Shockheaded, as you might expect, also wears the scuffy
tribulations of its source material a bit on its sleeves at times, as
its image is rife with grain and color inconsistency and its audio less
than stellar. There are, thankfully, a nice number of supplemental
extras on its DVD
, starting with a motion-animated menu that gives way
to a collection of a half dozen deleted and alternate scenes, a goofy
introduction from co-star Rochon and (touted on the packaging, though
unconfirmed here) downloadable MP3 music tracks. There’s also a
106-minute audio-commentary track, with multi-hyphenate Thornett, star
Wauer and composer Jason Russler, in which the trio good-naturedly
detail the film’s Virginia-based production and share a few anecdotes
,
including one about dulling the pesky shine of a doorknob with makeup.

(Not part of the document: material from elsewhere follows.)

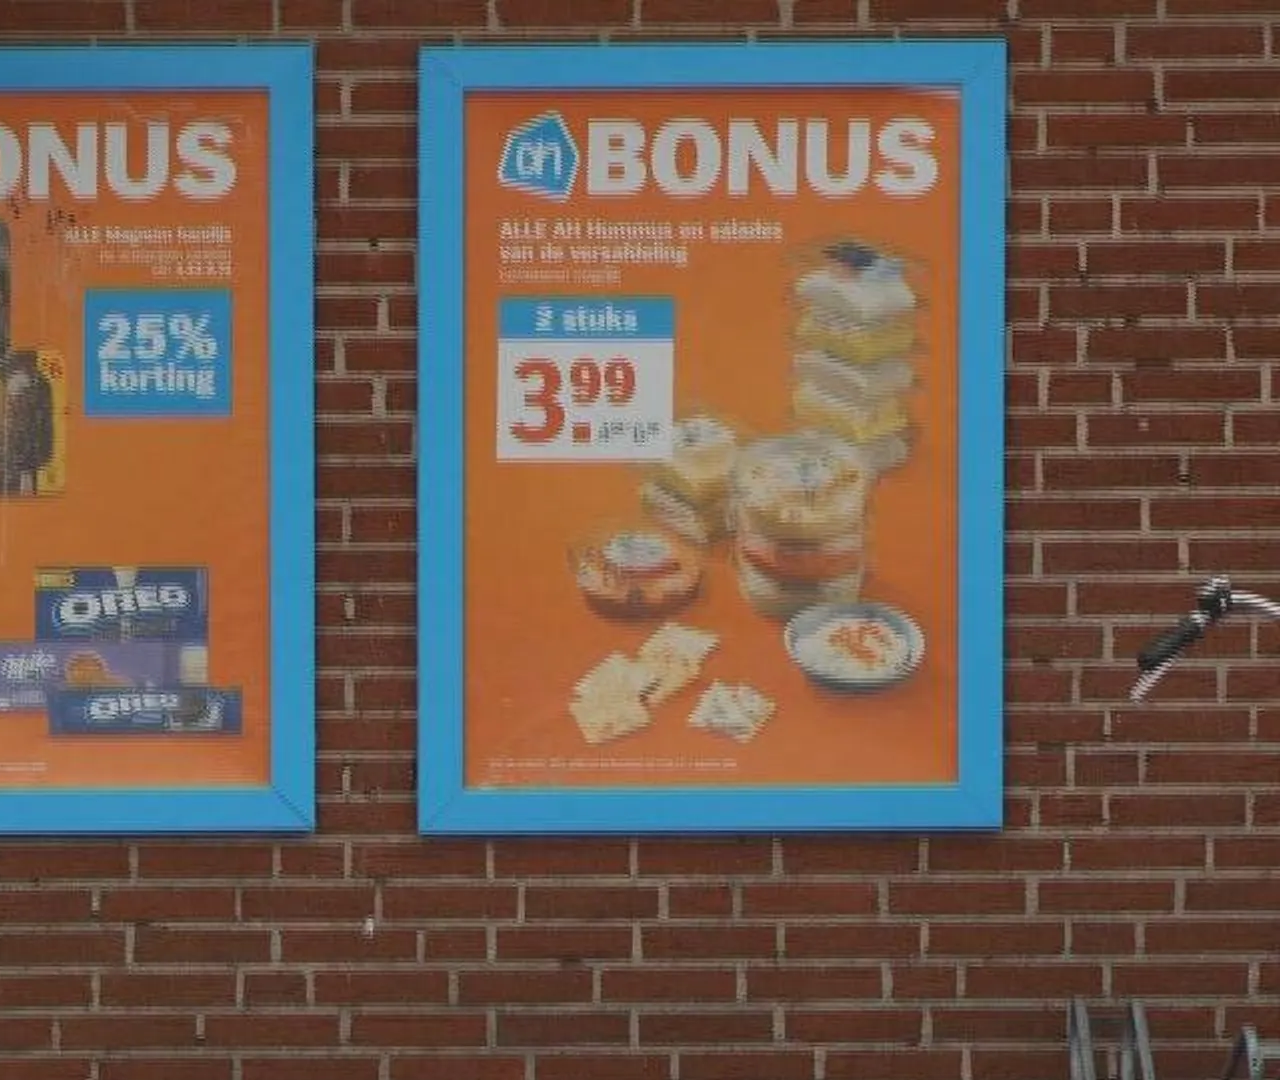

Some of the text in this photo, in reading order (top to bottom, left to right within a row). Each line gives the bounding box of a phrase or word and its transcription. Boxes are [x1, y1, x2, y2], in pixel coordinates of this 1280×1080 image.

In another instance, Thornett cops to the physical impossibility of
certain angles of one of his sets.

Also included are eight trailers from distributor Heretic and another original short film by Thornett, the fourteen-minute Spider Ghost,
with additional optional audio commentary by the writer-director
. This
effort is a more straightforwardly comic tale about a guy who moves
into a house only to get into an escalating series of seriocomic
disagreements with titular creepy, crawly inhabitant — it somewhat recalls James Franco’s hallucinatory directorial debut The Ape in this regard — but not necessarily a short that delivers much beyond the thin comedic promise of its premise. D- (Movie) B- (Disc)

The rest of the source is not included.